Agora, se estiver pronto, verifique suas listas. O que o fato de que essas são suas urgências ou prioridades diz sobre você? O que o que você escreveu nestas páginas diz sobre este momento de sua vida? Não tenha dúvidas de que há algum tempo essas listas seriam muito diferentes, e é normal e saudável que o sejam.
Você age em congruência com a lista de suas necessidades? Um pouco mais de análise:
- Existem coisas que aparecem nas duas listas? Por quê?
- Você está tentado a mudar alguma coisa do lugar?
- Você gostaria de riscar ou adicionar algo a qualquer uma das listas?
Faça isso, mas não pare de se perguntar o que isso mostra quem você é, onde e onde está agora.
A serenidade está na sua vida?
Hoje quero usar este joguinho para chamar sua atenção para um ponto. Serenidade, calma ou algo equivalente está em alguma de suas listas? Eu sinceramente espero que sim. Se não aparecer em nenhum dos dois, peço que o inclua. Em qual? Você escolhe.
Acredito que, para construir uma vida valiosa, é fundamental antes de recuperar a serenidade. Quando começamos a trabalhar nessa ideia, alguém na redação perguntou: "Por que 'se recuperar' e não 'obter'?" Eu disse:
“Porque todos nós já sentimos serenidade uma vez ou outra. Tínhamos e perdemos. Mesmo que fosse apenas na cova da mãe, todos nós conhecemos a paz de quem não tem grandes desejos insatisfeitos, nem ambiciosos objetivos não alcançados, nem exigências incríveis com que lidar ”.
Buda sugeriu que existem apenas dois caminhos para a serenidade e a paz: o da satisfação de cada um de nossos desejos e o do cancelamento de todos eles.
E, depois de ler sua doutrina, não podemos deixar de perceber que certamente este último caminho, o de deixar de desejar, é muito difícil para nós, mas também percebemos que, se queremos ser sinceros, o primeiro é inviável. .
E assim, acrescento, se está claro que há uma frustração inevitável oculta em alguns de nossos desejos, é imperativo que essa insatisfação roube nossa serenidade? Creio que não.
A serenidade é uma exceção em um mundo que oferece, quase o tempo todo, muito de quase tudo.

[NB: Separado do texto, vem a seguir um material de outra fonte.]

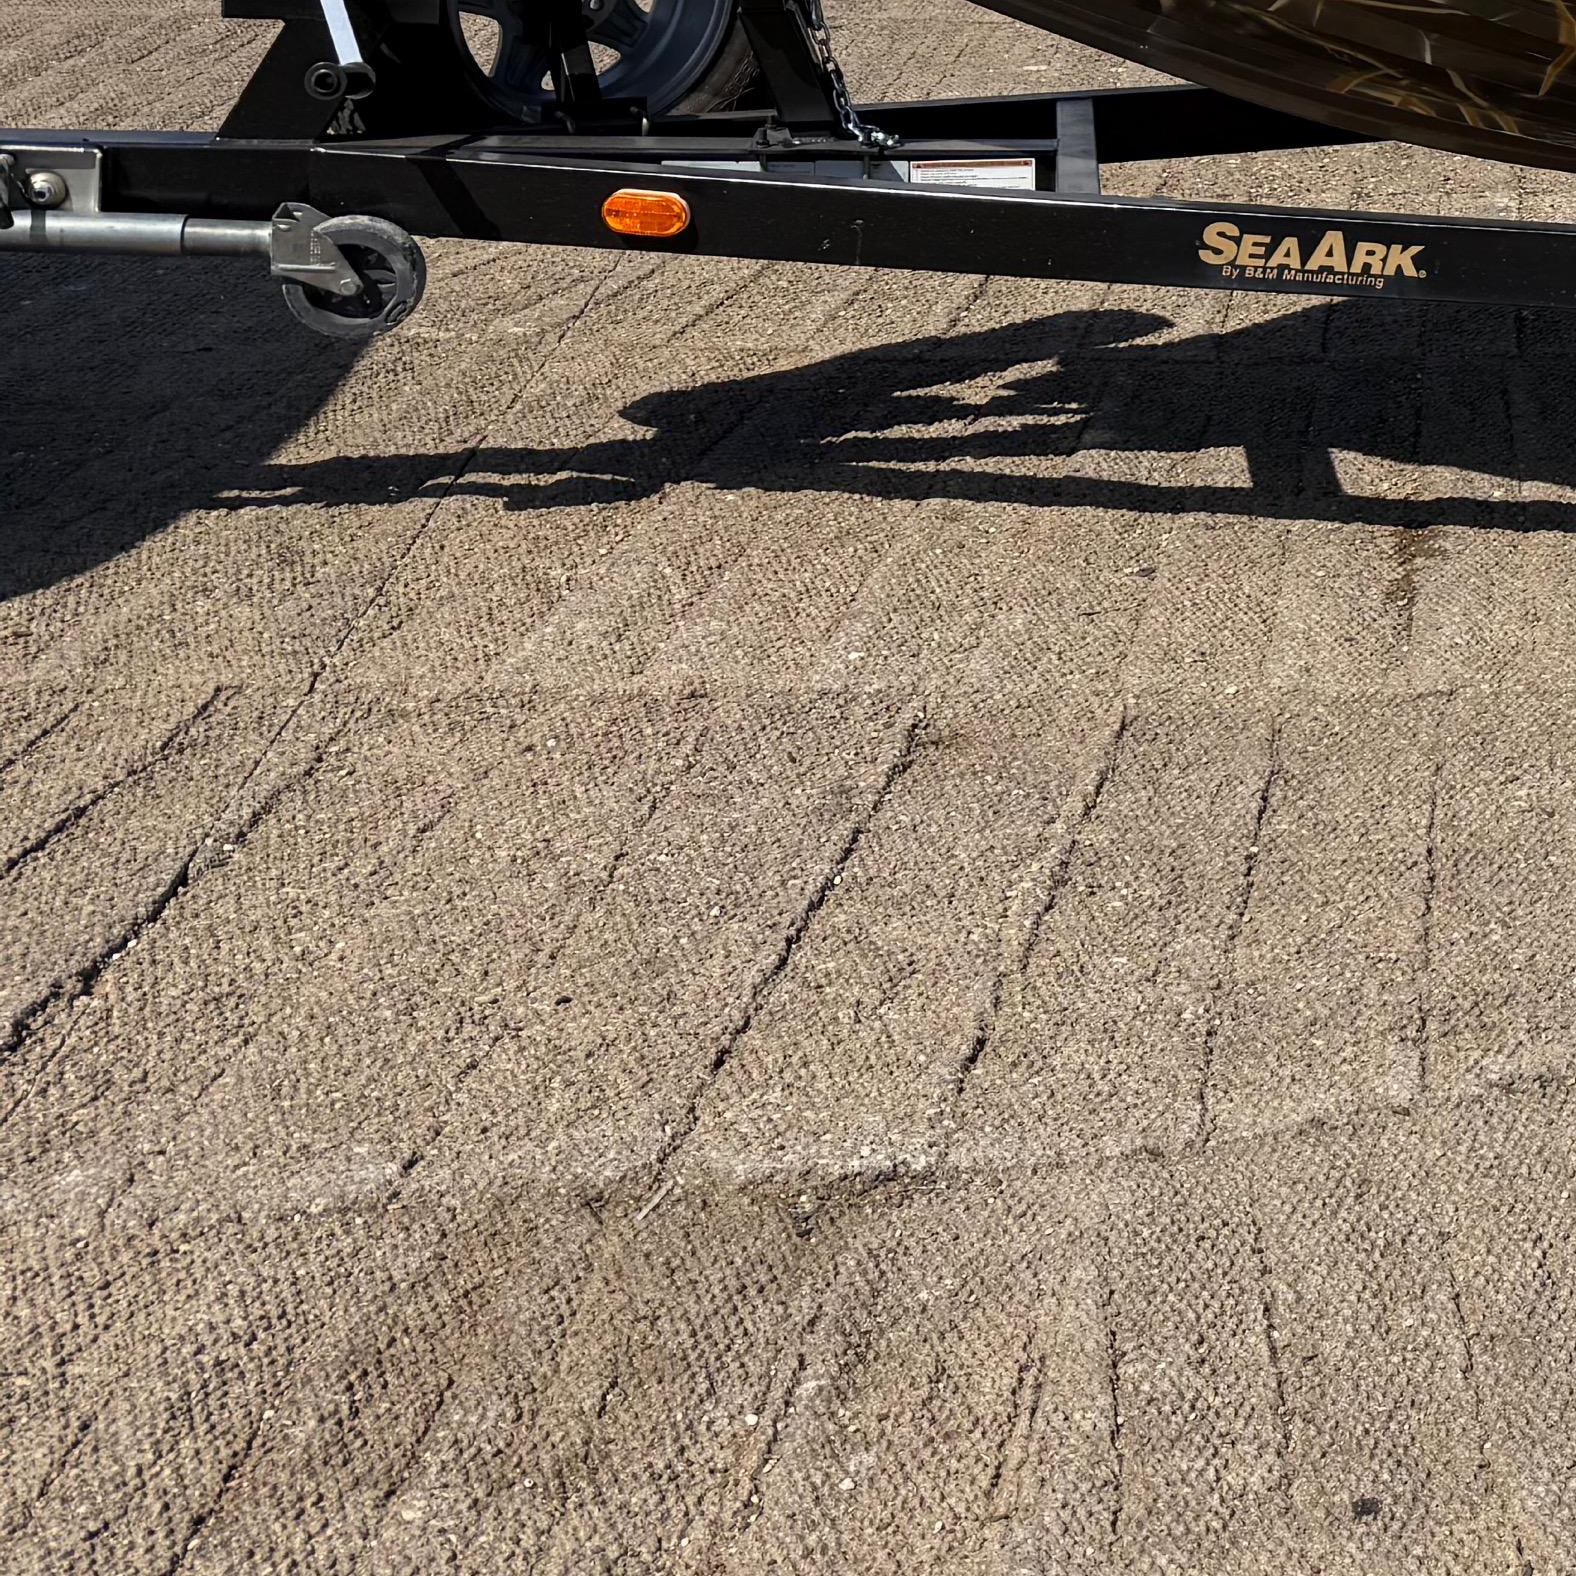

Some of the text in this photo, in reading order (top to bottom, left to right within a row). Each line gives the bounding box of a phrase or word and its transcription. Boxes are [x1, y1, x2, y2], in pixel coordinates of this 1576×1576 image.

[1221, 265, 1385, 290] By B&M Manufacturing

Parece que não temos tempo para cuidar dela e, possivelmente, por isso ela nos abandonou. Muito trabalho, muita ambição, muitos problemas para pensar, muitas coisas para lidar, muitas urgências, até mesmo para aproveitar a vida.
E embora as reações e consequências dessa pressão mudem consideravelmente de pessoa para pessoa, somos muito mais obcecados com dieta do que com alimentação saudável e ter sucesso, em vez de nos sentirmos realizados.
O preço de buscar sucesso e segurança
Perda de memória, diminuição da capacidade de concentração, insônia e até um certo grau de depressão são vistos como desvios naturais da vida em um mundo competitivo.
Infecções, vírus, disfunções sexuais, enxaquecas, problemas digestivos, doenças de pele, infertilidade, úlceras e hipertensão perigosa são muitas vezes interpretados como patologias do corpo que devem ser curadas.
Ansiedade, inquietação, labilidade emocional, incerteza e pequenos medos do dia a dia são considerados parte natural do preço de viver nestes tempos, e não deveriam ser.
Infelizmente, fomos ensinados a buscar segurança para alcançar a serenidade.
E isso não seria tão mau se não acreditássemos que a forma de o conseguir é cumprir alguns dos objectivos impostos por uma sociedade da qual somos mais consumidores potenciais do que pessoas na procura da felicidade.
E, além disso, “confirmamos” que estamos no caminho certo quando ouvimos os aplausos de outras pessoas tão perdidas quanto nós, que invejam nos ver no lugar que gostariam de estar.
Assim que chegamos, parece que somos forçados a buscar outro objetivo , a projetar um novo objetivo, a encontrar uma nova cenoura, a nos fazer uma nova promessa para o futuro.
Obrigada a encontrar algo que nos instale por um momento mais no mundo dos incansáveis perseguidores do sucesso que nos dará - é mentira - a tão almejada segurança que nos permite encontrar a tranquilidade da alma.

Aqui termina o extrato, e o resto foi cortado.